### [Work request]
Your task is to repeat exactly the lines from the one with "Some of the words" through the end of the records, both included; please leave the pictures out.
Listed entries START
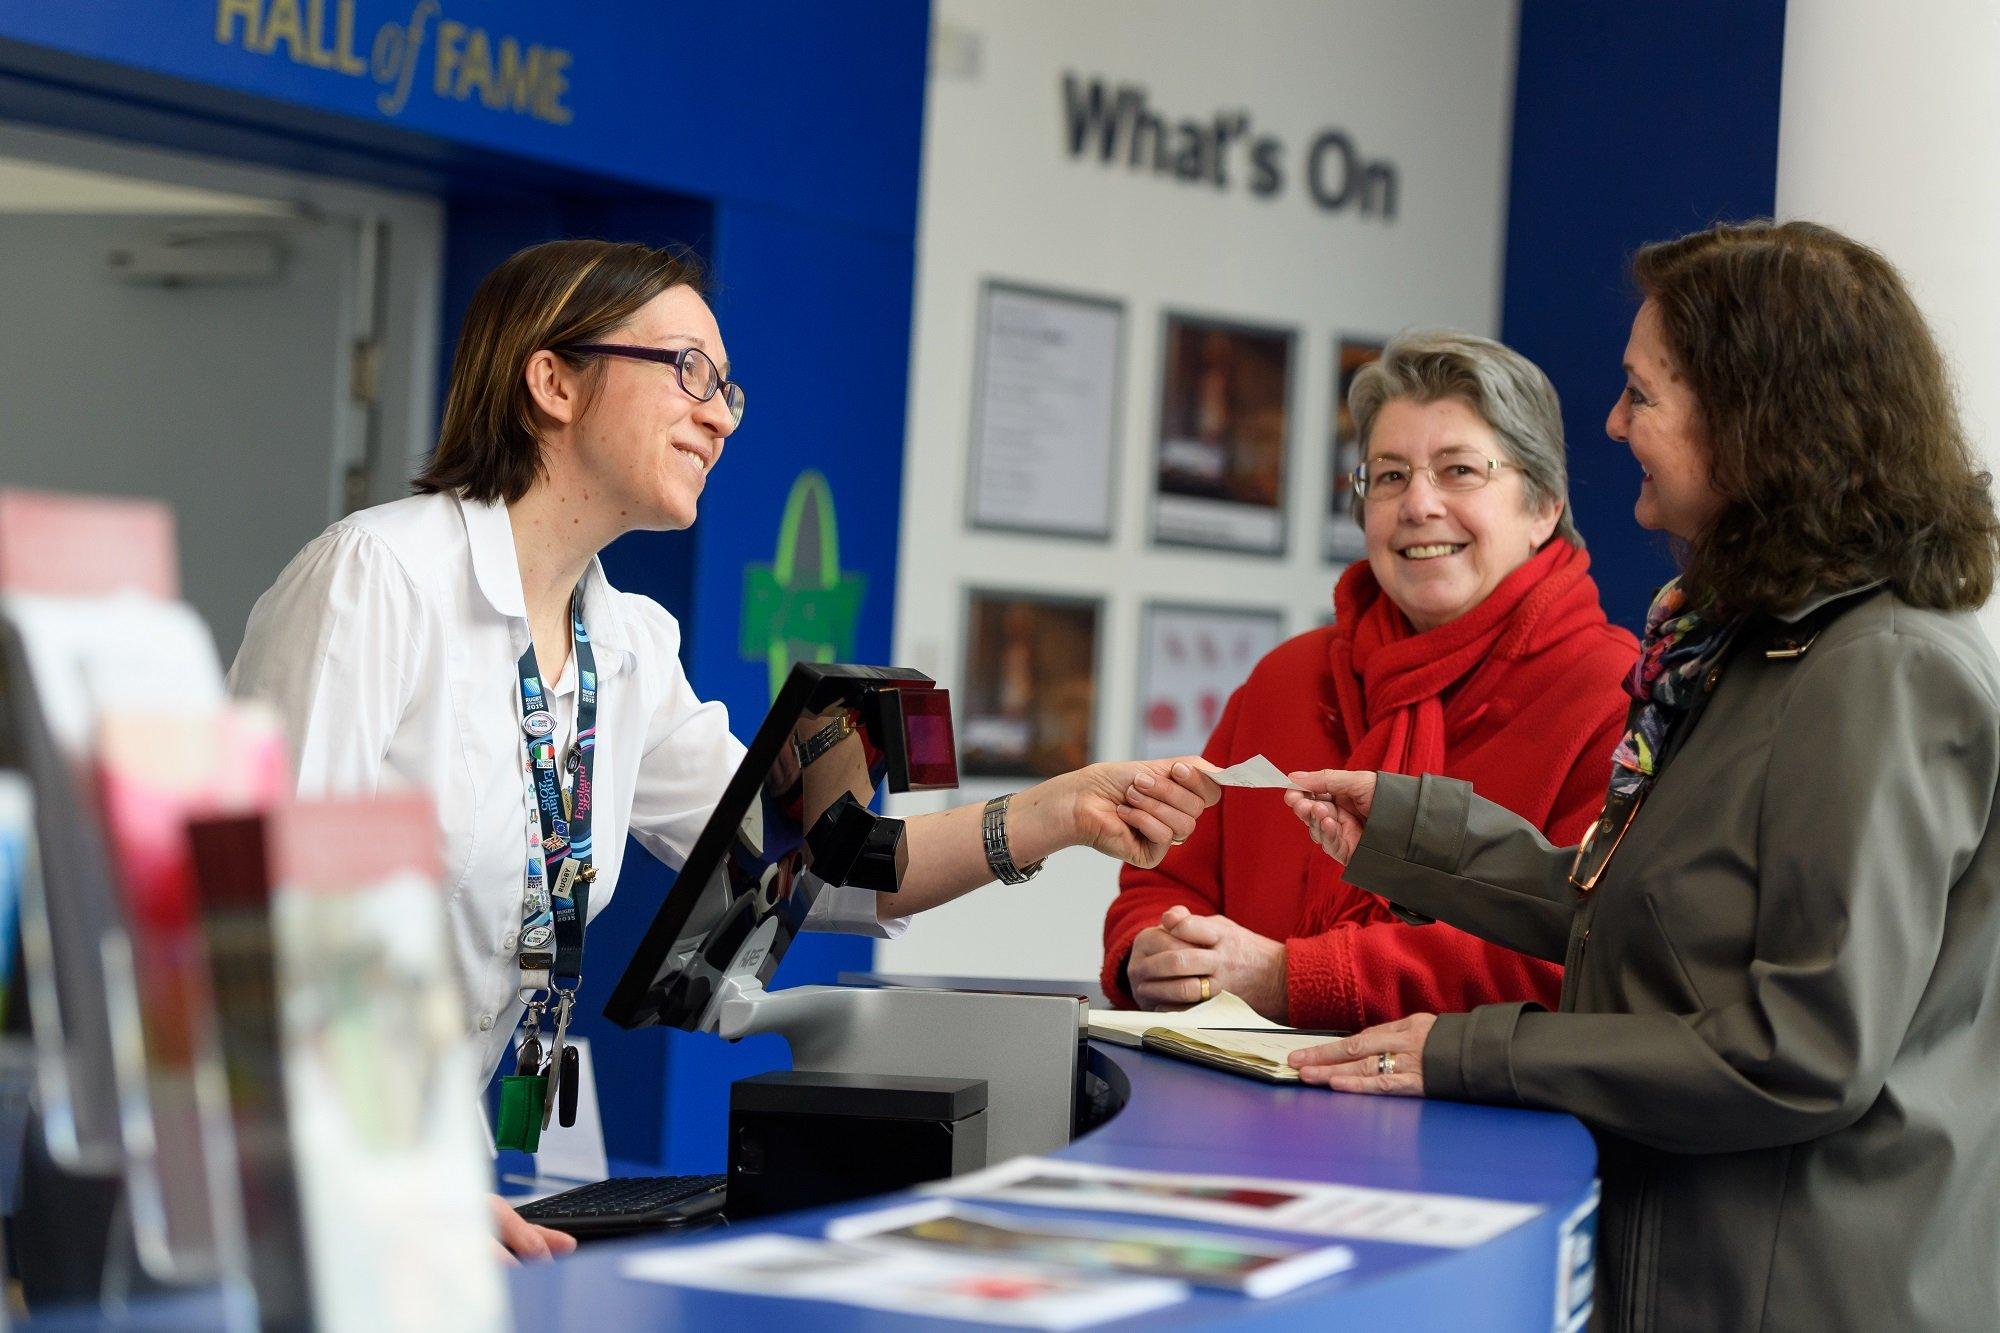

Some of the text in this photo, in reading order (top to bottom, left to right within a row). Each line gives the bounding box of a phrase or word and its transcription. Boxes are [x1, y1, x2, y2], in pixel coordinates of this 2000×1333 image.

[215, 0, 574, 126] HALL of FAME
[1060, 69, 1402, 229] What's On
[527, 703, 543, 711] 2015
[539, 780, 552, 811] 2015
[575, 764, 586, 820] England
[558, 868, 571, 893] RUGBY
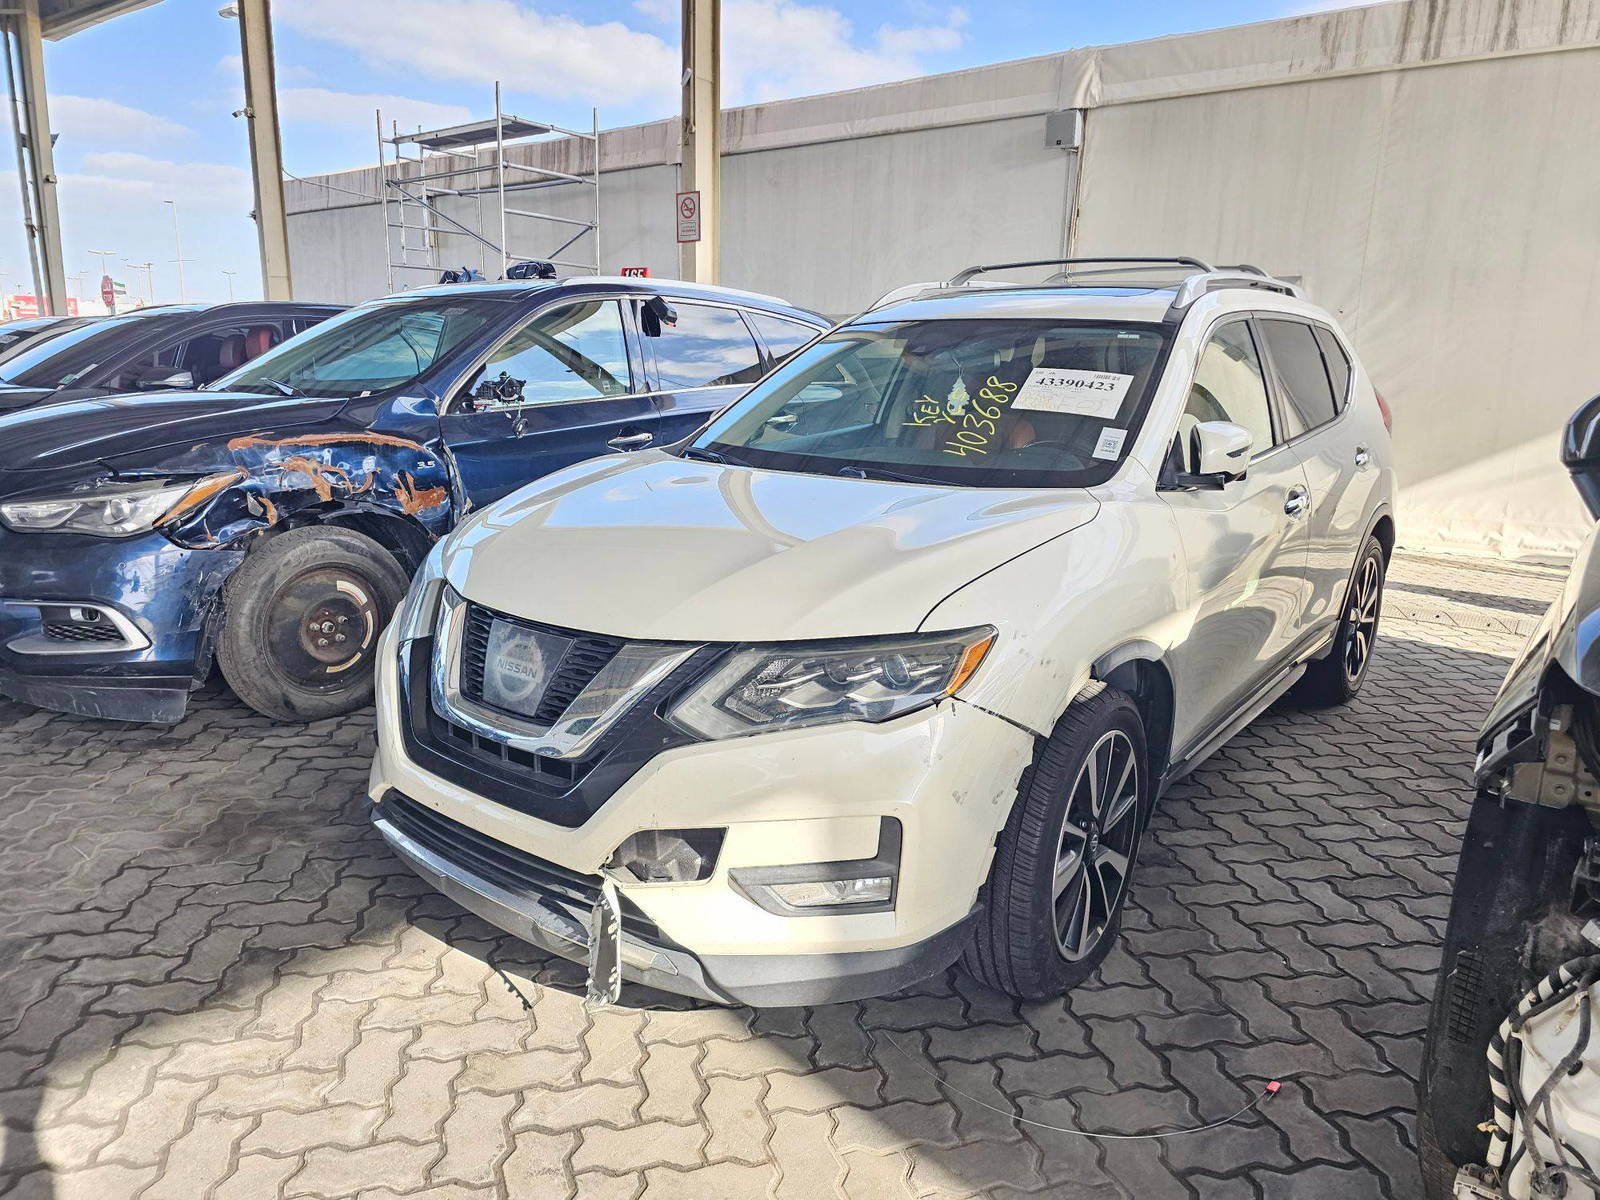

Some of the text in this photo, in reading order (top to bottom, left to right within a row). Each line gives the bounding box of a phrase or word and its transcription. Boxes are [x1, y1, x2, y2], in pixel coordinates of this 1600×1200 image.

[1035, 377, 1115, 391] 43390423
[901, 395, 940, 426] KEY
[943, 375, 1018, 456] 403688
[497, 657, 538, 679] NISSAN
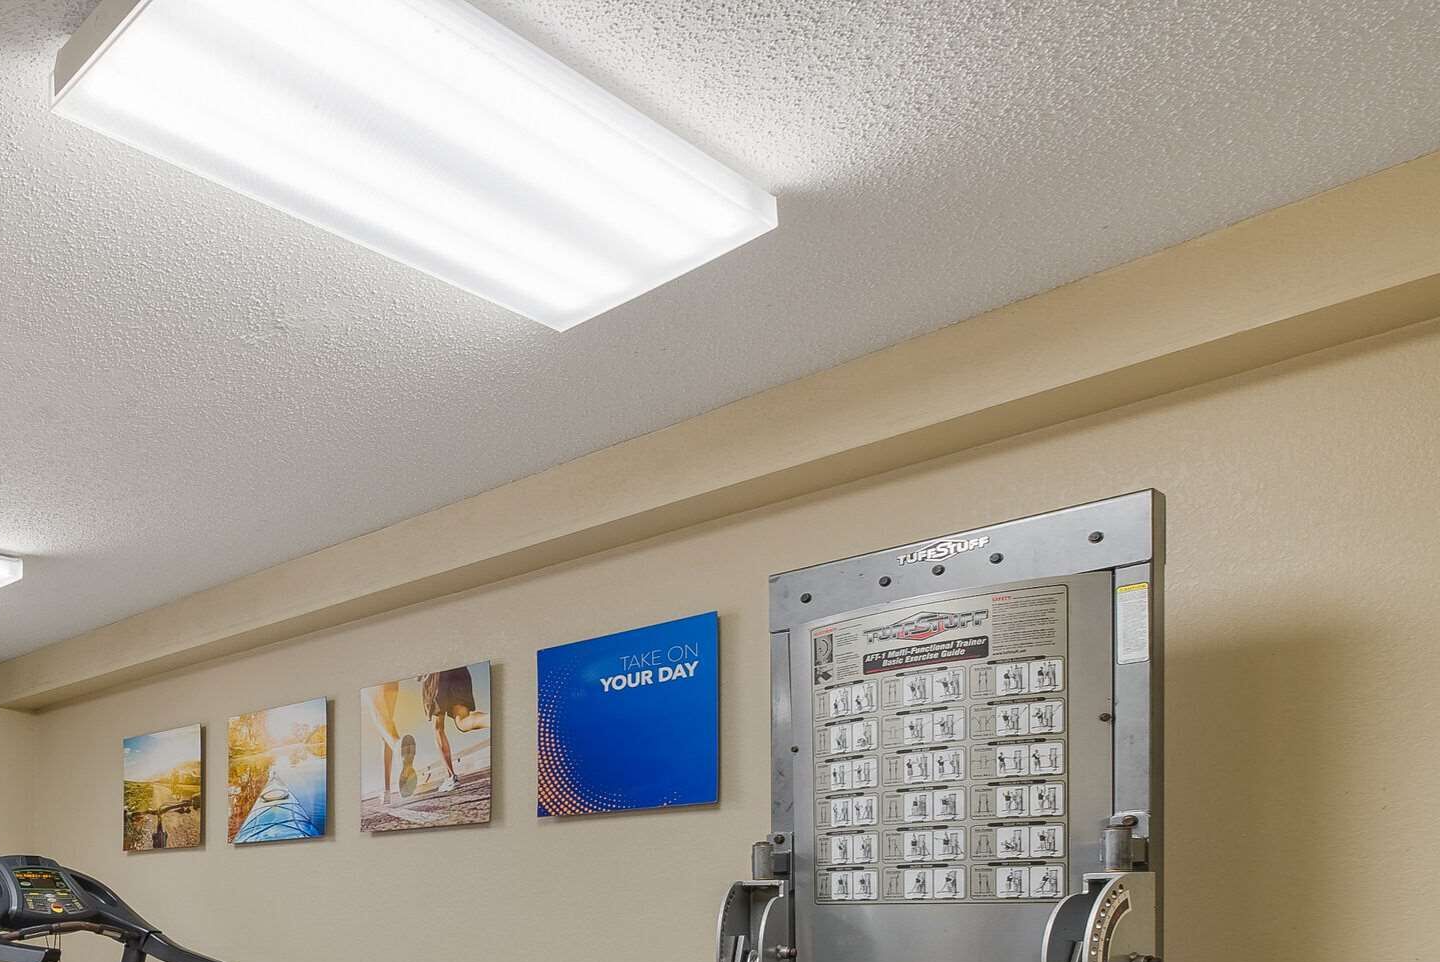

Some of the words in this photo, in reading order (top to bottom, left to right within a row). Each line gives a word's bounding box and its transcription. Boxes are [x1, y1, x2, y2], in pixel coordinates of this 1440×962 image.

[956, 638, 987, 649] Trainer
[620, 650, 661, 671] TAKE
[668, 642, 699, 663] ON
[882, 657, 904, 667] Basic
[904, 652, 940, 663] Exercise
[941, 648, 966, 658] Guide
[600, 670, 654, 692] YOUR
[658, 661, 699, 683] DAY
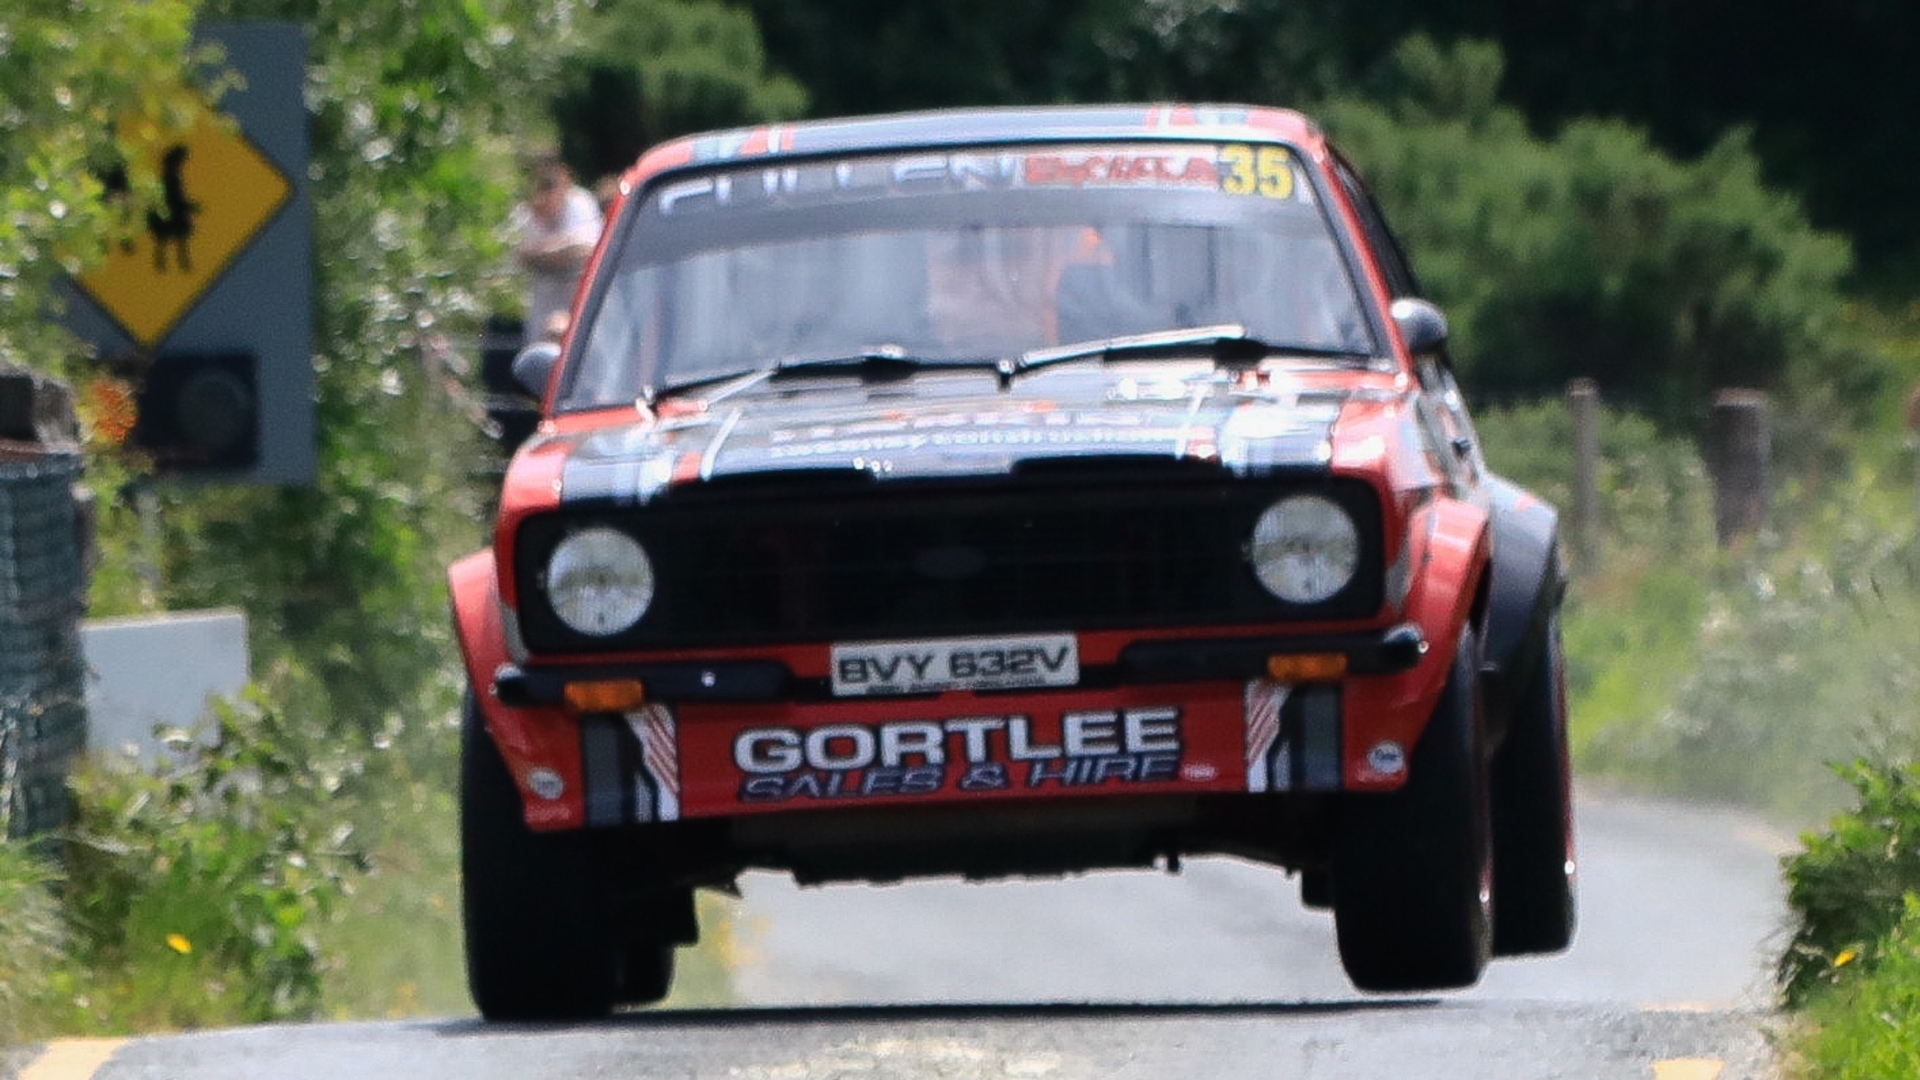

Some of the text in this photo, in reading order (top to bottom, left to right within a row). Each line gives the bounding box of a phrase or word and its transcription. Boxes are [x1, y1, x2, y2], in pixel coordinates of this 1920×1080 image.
Listed entries END
### [Exercise response]
Some of the words in this photo, in reading order (top to bottom, left to right within a row). Each line gives a word's bounding box and its transcription. Boxes are [x1, y1, x2, y2], in pixel coordinates of this 1440×962 image.

[956, 638, 987, 649] Trainer
[620, 650, 661, 671] TAKE
[668, 642, 699, 663] ON
[882, 657, 904, 667] Basic
[904, 652, 940, 663] Exercise
[941, 648, 966, 658] Guide
[600, 670, 654, 692] YOUR
[658, 661, 699, 683] DAY

Some of the text in this photo, in reading order (top to bottom, left to right within a row). Each line gives the bounding box of a phrase or word and its transcription. Boxes are [x1, y1, x2, y2], in pixel coordinates of this 1920×1080 image.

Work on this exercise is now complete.